### [Records for processing]
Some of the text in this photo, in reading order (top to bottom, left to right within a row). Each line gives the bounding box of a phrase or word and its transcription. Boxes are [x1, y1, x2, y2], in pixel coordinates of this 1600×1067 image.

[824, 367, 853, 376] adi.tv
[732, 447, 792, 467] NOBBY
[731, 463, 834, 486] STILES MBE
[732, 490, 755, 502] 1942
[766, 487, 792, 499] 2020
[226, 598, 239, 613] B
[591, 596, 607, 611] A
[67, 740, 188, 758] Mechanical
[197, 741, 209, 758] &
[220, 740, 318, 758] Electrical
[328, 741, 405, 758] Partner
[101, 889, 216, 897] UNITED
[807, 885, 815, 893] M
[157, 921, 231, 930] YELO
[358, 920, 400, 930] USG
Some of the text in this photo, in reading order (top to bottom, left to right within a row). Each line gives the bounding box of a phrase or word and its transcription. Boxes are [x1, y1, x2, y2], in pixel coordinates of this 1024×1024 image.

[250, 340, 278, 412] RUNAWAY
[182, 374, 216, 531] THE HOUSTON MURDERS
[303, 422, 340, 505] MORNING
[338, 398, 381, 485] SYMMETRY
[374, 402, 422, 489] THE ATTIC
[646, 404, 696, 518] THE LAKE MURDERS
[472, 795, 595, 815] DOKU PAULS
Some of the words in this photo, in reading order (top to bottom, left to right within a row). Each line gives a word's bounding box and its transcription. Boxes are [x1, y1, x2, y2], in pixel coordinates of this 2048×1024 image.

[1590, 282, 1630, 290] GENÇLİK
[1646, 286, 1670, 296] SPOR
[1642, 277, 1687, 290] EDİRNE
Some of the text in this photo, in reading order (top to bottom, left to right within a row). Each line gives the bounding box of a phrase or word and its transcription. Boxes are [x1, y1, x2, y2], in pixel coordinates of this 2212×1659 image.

### [What to do]
Keep to the lines from the one containing "Some of the words" to the end of the entries above, and retype them exactly.

### [Answer]
Some of the words in this photo, in reading order (top to bottom, left to right within a row). Each line gives a word's bounding box and its transcription. Boxes are [x1, y1, x2, y2], in pixel coordinates of this 2048×1024 image.

[1590, 282, 1630, 290] GENÇLİK
[1646, 286, 1670, 296] SPOR
[1642, 277, 1687, 290] EDİRNE
Some of the text in this photo, in reading order (top to bottom, left to right within a row). Each line gives the bounding box of a phrase or word and its transcription. Boxes are [x1, y1, x2, y2], in pixel coordinates of this 2212×1659 image.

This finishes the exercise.